Theories of legitimate regulation have emphasized the role of governments either in fixing market failures to promote greater efficiency or in restricting the efficient functioning of markets in order to pursue public welfare goals. In either case, features of markets serve to justify regulatory intervention. I argue that this causal logic must sometimes be reversed. For certain areas of regulation, its function must be understood as making markets legitimate. Based on a comparative historical analysis of consumer lending in the United States and France, I argue that national differences in the regulation of consumer credit had their roots in the historical conditions by which the small loan sector came to be legitimized. Americans have supported a liberal regulation of credit because they have been taught that access to credit is welfare promoting. This perception emerged from a historical coalition between commercial banks and NGOs that promoted credit as the solution to a range of social ills.
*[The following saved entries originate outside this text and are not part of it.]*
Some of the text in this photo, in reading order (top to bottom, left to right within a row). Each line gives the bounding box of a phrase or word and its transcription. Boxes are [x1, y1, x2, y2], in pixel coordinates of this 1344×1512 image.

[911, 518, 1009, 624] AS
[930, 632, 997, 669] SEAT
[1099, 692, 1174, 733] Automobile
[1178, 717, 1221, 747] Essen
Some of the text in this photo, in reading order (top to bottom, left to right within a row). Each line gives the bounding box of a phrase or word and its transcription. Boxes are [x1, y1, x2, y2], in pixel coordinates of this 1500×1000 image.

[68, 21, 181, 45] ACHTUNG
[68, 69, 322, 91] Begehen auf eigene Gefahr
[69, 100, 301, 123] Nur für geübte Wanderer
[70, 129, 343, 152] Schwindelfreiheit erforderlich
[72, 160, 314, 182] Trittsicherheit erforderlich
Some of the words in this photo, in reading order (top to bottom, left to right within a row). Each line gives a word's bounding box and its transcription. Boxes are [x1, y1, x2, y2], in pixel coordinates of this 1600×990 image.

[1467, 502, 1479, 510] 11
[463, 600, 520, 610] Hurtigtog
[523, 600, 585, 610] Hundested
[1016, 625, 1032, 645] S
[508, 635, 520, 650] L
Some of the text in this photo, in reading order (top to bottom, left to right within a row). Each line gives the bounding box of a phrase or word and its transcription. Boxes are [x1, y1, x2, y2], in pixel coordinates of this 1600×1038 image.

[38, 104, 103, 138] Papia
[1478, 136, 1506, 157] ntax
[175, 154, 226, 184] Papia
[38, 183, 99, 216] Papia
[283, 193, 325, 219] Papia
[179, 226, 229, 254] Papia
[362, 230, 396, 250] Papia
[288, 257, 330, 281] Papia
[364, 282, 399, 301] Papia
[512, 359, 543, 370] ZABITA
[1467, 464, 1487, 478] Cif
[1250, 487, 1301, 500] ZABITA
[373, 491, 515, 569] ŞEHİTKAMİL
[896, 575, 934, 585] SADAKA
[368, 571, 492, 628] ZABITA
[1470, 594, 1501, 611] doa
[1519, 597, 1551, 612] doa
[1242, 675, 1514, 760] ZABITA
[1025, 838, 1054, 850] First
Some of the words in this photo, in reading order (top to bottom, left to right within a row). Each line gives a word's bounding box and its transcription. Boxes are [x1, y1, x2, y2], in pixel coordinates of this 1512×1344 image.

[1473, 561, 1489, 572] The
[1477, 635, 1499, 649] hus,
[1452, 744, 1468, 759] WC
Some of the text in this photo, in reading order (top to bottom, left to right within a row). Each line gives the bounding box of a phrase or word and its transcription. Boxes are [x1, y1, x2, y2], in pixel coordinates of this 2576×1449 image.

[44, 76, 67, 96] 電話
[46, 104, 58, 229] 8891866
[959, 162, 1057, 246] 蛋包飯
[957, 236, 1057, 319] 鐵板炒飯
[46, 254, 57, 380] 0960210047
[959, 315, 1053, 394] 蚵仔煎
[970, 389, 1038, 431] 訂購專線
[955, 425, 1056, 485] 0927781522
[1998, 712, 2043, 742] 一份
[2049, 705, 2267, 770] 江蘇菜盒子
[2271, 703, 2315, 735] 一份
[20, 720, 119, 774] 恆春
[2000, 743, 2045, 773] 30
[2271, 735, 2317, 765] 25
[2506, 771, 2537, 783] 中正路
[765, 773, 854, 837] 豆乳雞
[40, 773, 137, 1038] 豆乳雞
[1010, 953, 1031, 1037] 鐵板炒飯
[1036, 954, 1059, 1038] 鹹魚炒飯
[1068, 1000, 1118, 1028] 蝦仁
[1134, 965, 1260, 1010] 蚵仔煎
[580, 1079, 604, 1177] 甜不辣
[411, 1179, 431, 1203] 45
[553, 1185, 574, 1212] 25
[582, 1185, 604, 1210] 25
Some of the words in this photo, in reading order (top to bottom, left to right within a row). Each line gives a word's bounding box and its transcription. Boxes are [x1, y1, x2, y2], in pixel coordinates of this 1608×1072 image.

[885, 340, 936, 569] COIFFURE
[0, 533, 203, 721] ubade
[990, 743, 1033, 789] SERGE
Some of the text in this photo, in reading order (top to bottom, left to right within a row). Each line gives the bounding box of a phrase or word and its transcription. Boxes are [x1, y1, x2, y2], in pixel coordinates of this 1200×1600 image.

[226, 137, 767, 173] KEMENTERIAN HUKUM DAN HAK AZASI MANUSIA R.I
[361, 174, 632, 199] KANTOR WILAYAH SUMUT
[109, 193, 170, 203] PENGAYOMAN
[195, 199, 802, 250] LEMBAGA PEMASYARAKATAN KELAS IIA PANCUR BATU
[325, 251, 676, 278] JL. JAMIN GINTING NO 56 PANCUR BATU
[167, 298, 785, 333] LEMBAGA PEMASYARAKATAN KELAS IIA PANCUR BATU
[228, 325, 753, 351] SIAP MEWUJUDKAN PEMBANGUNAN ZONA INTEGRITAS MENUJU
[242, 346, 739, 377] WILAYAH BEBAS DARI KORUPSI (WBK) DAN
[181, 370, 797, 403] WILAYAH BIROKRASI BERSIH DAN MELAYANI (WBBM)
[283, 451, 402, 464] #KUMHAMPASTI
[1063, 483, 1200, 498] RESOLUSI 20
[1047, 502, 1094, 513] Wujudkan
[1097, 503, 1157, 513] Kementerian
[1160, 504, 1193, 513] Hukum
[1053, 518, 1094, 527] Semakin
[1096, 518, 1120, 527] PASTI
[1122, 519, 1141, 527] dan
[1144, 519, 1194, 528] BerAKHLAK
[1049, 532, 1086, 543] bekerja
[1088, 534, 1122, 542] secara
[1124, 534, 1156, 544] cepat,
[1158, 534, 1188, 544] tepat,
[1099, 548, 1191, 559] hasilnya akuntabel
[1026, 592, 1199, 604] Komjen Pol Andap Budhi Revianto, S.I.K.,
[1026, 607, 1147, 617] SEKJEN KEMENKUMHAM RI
The French regulate credit tightly because they came to see credit as both economically risky and a source of reduced purchasing power. This attitude has its roots in the early postwar lending environment, in which loans were seen to be beneficial only if they were accompanied by strong government protections. These cases suggest that national differences in regulation may trace to historically contingent conditions under which markets are constructed as legitimate.

Keywords

Borrowing and Debt; Credit; Financial Markets; Personal Finance; Governing Rules, Regulations, and Reforms; Business History; Business and Government Relations; Welfare; France; United States

Citation

Trumbull, J. Gunnar. "Regulating for Legitimacy: Consumer Credit Access in France and America." Harvard Business School Working Paper, No. 11-047, November 2010.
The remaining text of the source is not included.